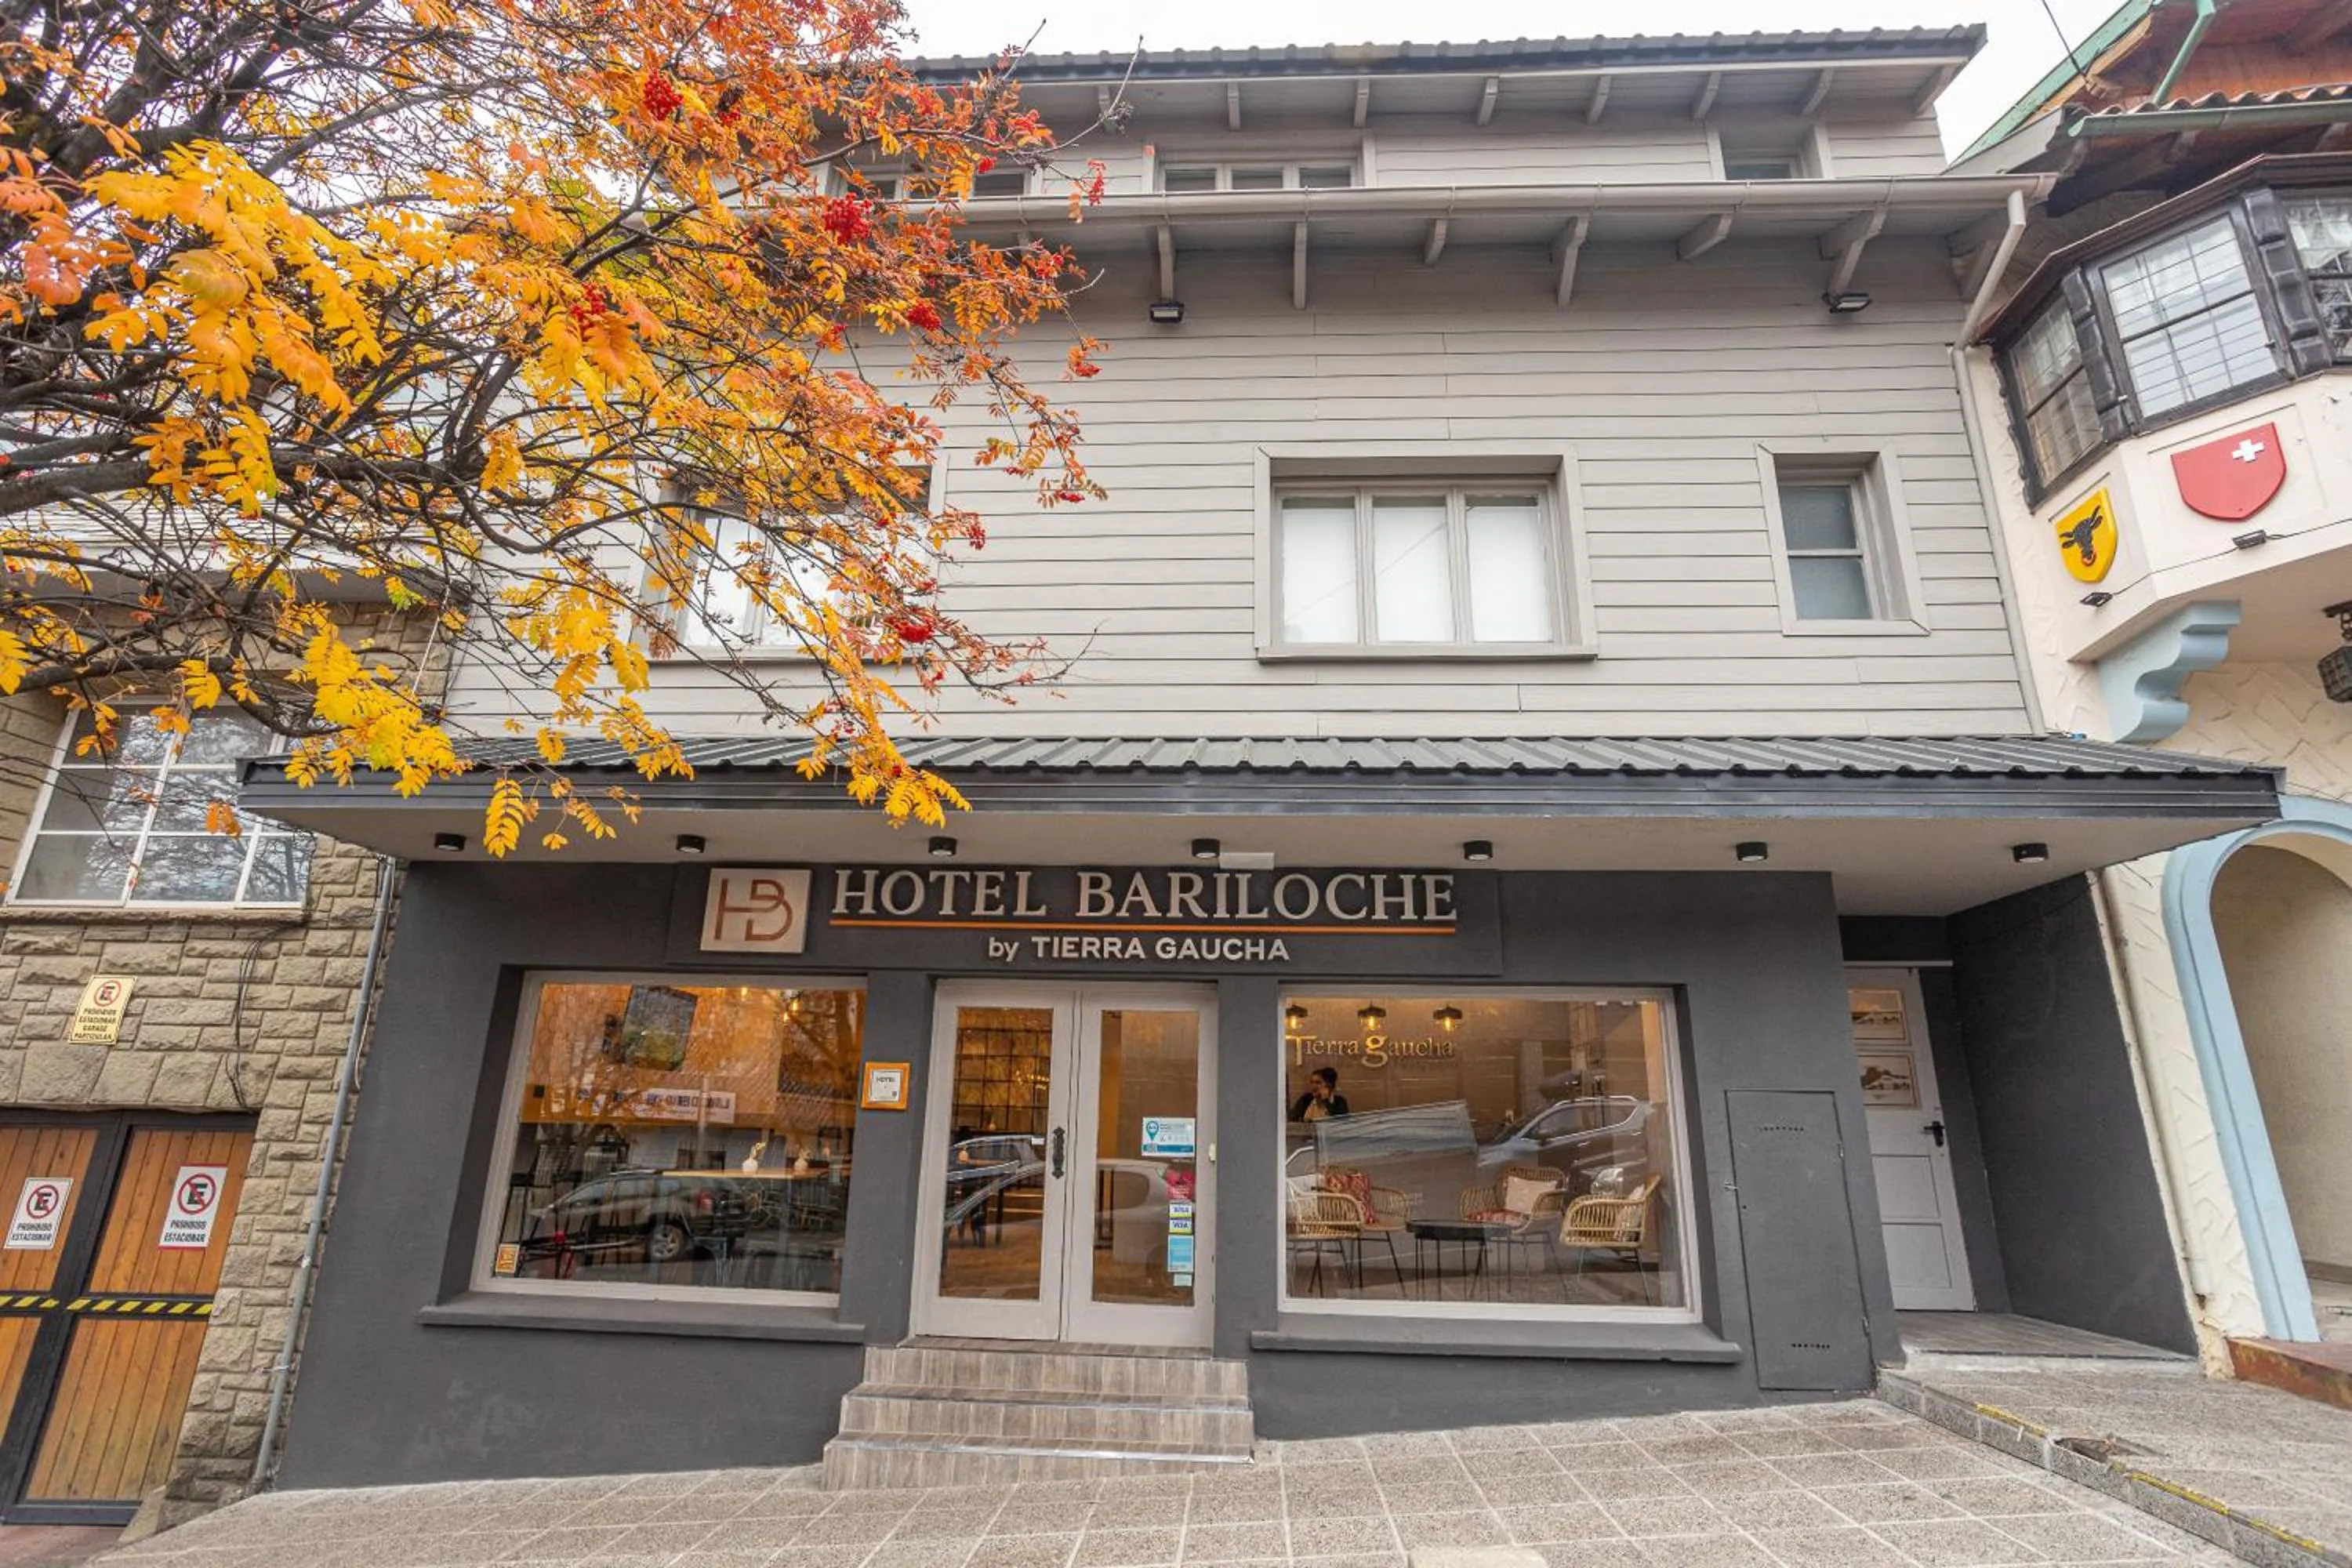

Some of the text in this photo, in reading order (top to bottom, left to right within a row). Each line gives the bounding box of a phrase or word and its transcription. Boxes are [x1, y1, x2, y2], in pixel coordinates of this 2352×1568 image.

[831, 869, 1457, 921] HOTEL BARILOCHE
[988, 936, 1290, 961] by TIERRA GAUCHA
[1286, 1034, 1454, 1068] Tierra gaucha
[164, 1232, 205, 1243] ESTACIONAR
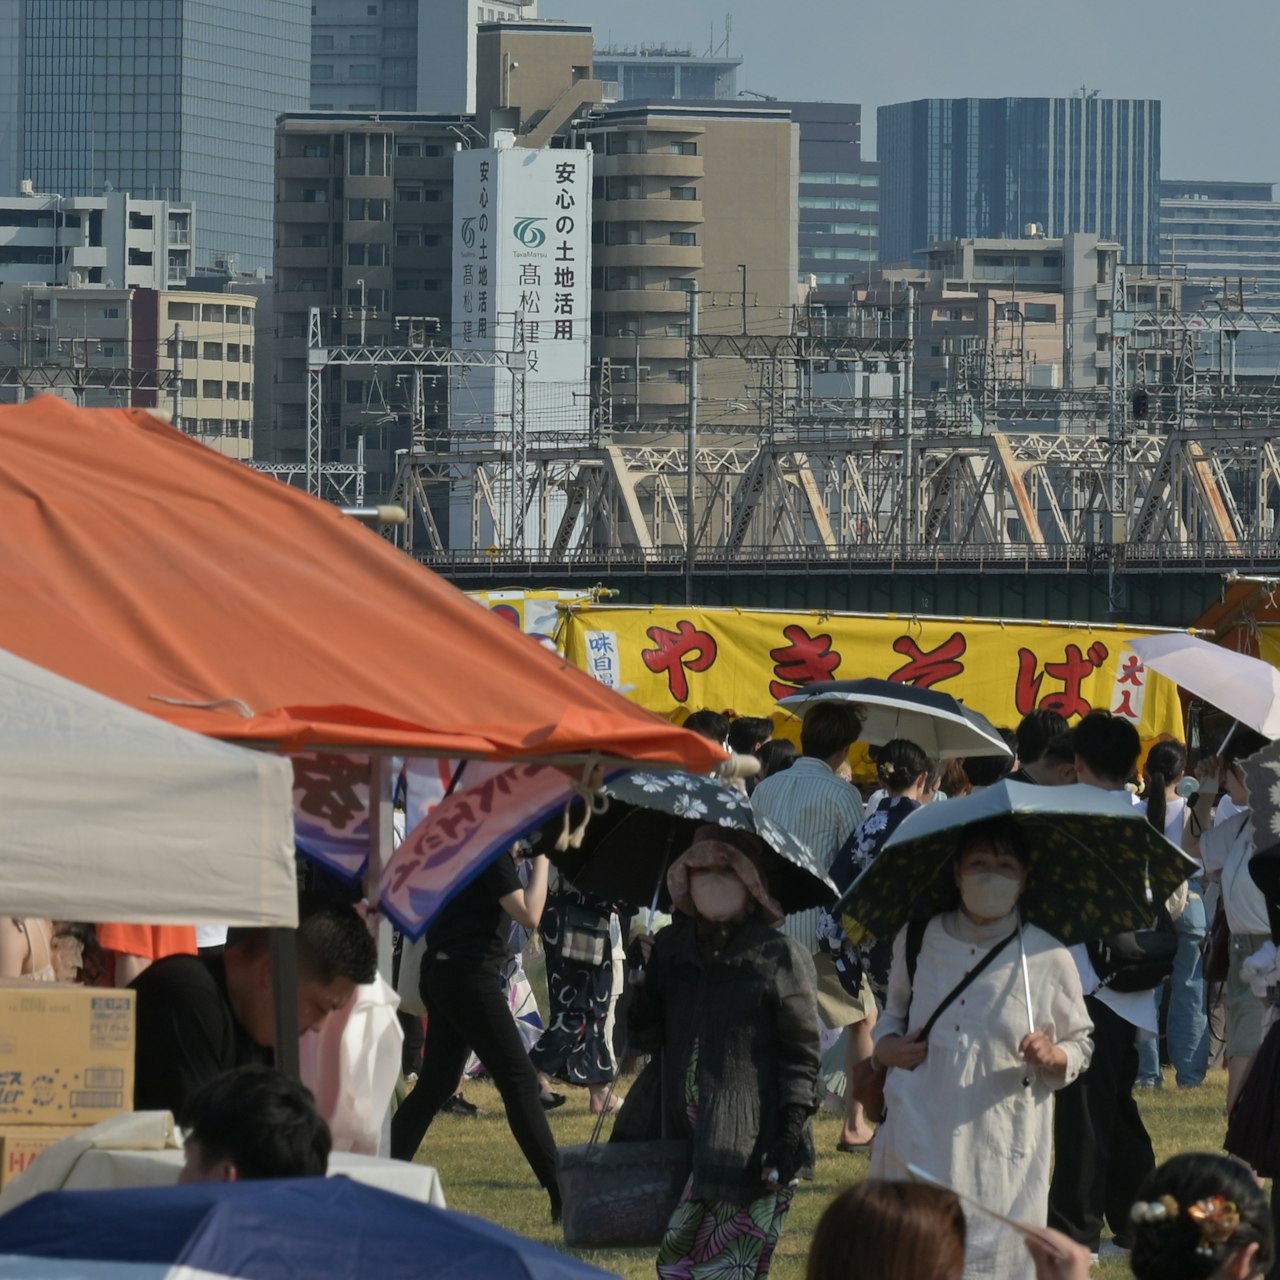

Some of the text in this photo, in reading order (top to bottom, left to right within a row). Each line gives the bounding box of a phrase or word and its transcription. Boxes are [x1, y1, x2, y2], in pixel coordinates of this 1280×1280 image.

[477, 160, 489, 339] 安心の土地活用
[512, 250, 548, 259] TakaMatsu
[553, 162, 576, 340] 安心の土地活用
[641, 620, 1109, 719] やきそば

- - - -

▶ _What you have to do_
Your answer must consist solely of the lines from the one containing "this 1280×1280 image." through the last line of the entries, reproduced exactly.

▶ _Final answer_
Some of the text in this photo, in reading order (top to bottom, left to right within a row). Each line gives the bounding box of a phrase or word and its transcription. Boxes are [x1, y1, x2, y2], in pixel coordinates of this 1280×1280 image.

[477, 160, 489, 339] 安心の土地活用
[512, 250, 548, 259] TakaMatsu
[553, 162, 576, 340] 安心の土地活用
[641, 620, 1109, 719] やきそば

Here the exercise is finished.